Consider the case of Emily Eekhoff, a pregnant woman who downloaded the app “Count the Kicks” when she was about seven months pregnant; she had used it when her son, Liam, was born two years ago and figured it would be good to use again.
“Count the Kicks” is an app that helps monitor the kicks and movements of unborn babies during the third trimester of pregnancy, according to the Good News Network.
Around Eekhoff’s 33-week mark of pregnancy, the app detected that her unborn baby girl wasn’t as active as normal, with the kicking essentially stopping its normal pattern on May 30. According to “Today,” the expectant mother got pretty nervous when she realized that there was little to no fetal movement.
“Normally any time I would sit she would start to get active and usually I could get 10 kicks in under 10 minutes,” she told InsideEdition.com. “Lunch time I tried to do a count and sitting down I got maybe three kicks in a half hour which was unusual for sure.”
That’s when the 26-year-old immediately went to Mercy Medical Center in Des Moines, Iowa, to have the situation looked at.

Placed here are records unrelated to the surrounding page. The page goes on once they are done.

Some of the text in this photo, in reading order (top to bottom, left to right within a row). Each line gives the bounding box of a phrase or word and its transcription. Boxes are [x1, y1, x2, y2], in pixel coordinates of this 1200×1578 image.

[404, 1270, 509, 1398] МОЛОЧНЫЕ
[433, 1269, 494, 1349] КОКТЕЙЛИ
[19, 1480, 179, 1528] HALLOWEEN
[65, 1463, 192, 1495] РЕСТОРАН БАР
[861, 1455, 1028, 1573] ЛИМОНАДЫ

There, at the hospital, doctors told her that her unborn baby had a heartbeat, but that there was no movement due to the fact that the umbilical cord was wrapped three times around the baby girl’s head. Doctors immediately performed a cesarean section, which saved the baby’s life, Good News Network reported.
Now, baby Ruby is totally healthy after spending 20 days in the NUCI, leaving Eekhoff totally thankful to the makers of the “Count the Kicks” app, whom she credits with making the discovery — and the life-saving treatment — possible.

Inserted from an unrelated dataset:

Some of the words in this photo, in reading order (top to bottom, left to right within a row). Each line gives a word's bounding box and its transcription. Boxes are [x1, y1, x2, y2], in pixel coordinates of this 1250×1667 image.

The app was founded back in 2009 by five women who all lost babies to stillbirth or other issues; they wanted to use the technology to help others like Eekhoff, and their efforts have clearly paid off.
“We could have been grieving instead of having a healthy baby,” she told InsideEdition.com. “It’s hard to know what could have been, but based on doctors, one more day she likely wouldn’t have been alive. We had a couple weeks to go so we’re wrapping our heads around that she’s here.”
Dr. Neil Mandsager, a doctor at Mercy Medical Center who ordered Eekhoff’s emergency delivery, told “Today” that he believes that, without intervention, the most likely scenario in Ruby’s situation would have been “stillbirth at some point.”
“She saved her baby’s life by paying attention to her baby’s activity,” he said.